Former Russian President Dmitry Medvedev has warned the North Atlantic Treaty Organization (NATO) leadership that by aiming to defeat Russia in Ukraine could result in a nuclear war.
Medvedev, a close ally of President Vladimir Putin, said no major nuclear power has lost a war critical to its existence. Medvedev made the comments on Thursday, a day ahead of a crucial meeting of NATO defense leaders in Germany on Friday to discuss further ways to boost Ukraine military.
"The defeat of a nuclear power in a conventional war may trigger a nuclear war ... Nuclear powers have never lost major conflicts on which their fate depends," Medvedev, who is currently Russia's Security Council chief, wrote on Telegram.
Russian Nuclear Doctrine
Russia's nuclear doctrine stipulates that the state can go for a nuclear strike after in the event of an aggression against the Russian Federation using conventional weapons and if that attack threatens the very existence of the state. Russia has a nuclear stockpile of close to 6,000 warheads, while the United States has around 5,500.

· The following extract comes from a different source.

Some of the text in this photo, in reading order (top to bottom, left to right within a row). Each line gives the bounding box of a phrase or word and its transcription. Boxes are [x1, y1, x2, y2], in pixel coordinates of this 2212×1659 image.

Medvedev, a highly influential Kremlin insider, has been particularly brazen in his nuclear threats against Ukraine and the western countries that support Kyiv. "If the threat to Russia exceeds the established danger limit, we will have to respond ... Without asking anyone's permission, without long consultations. And it's definitely not a bluff," Medvedev said in September, raising the spectre of a nuclear war.

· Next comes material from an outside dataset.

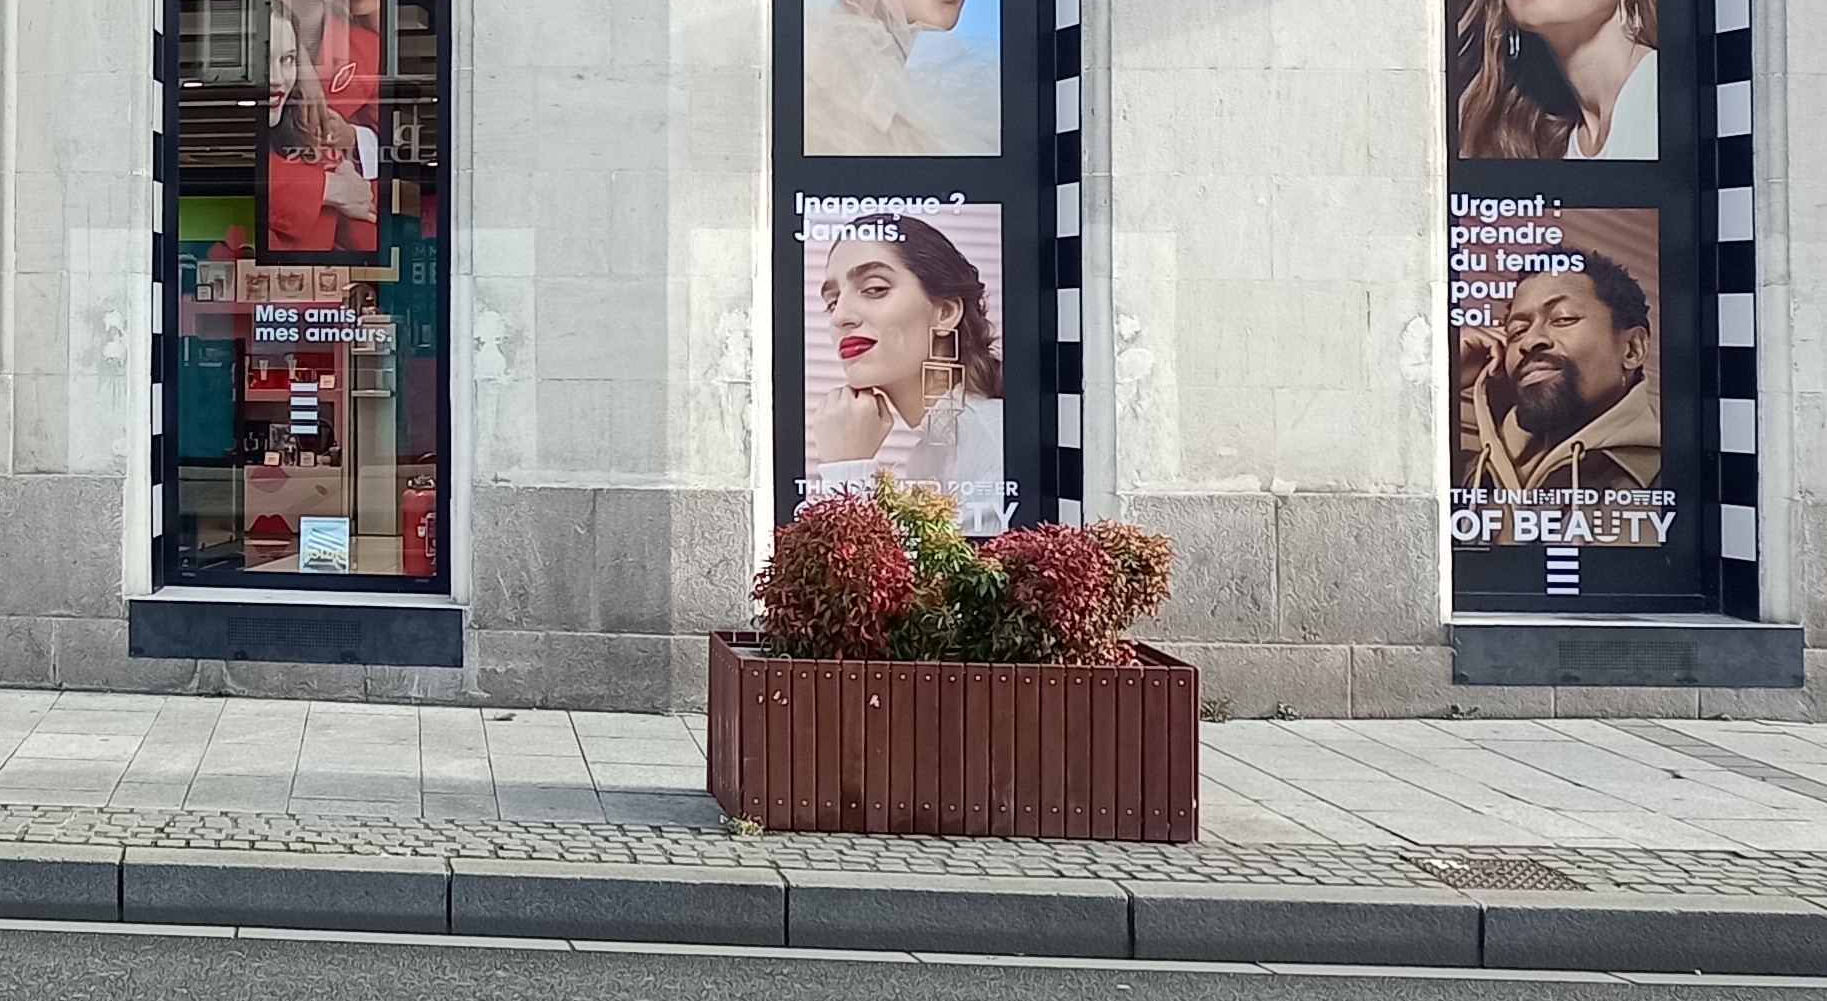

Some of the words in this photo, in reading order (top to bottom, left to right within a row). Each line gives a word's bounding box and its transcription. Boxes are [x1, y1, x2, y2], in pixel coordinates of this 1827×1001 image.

In October, Russia launched multiple nuclear missiles as part of a readiness drill, sending a dark warning to the US and allies. President Putin monitored the launch of strategic nuclear weapons including ballistic and cruise missiles as Moscow held a show of force. Russian Defense Minister Sergey Shoigu said the aim of the practice launches was to test the readiness of Russia's strategic offensive forces for conducting 'massive nuclear strike' in response to any enemy nuclear strike.
Medvedev's direct threat came even as reports said the United States would support Kyiv if it launches an attack on the Russian-occupied Crimean Peninsula. The The New York Times reported that several US officials are growing more comfortable with the idea of helping Ukraine in a potential aggression in Crimea.
An attack on Crimea, which has been underMoscow's control since its annexation in 2014, will be a red line that Russia will never accept and will invariably result in a wider and more catastrophic war. It is not clear what exactly would be the US strategy if this spills out into an escalation in which Russia uses tactical nuclear weapons.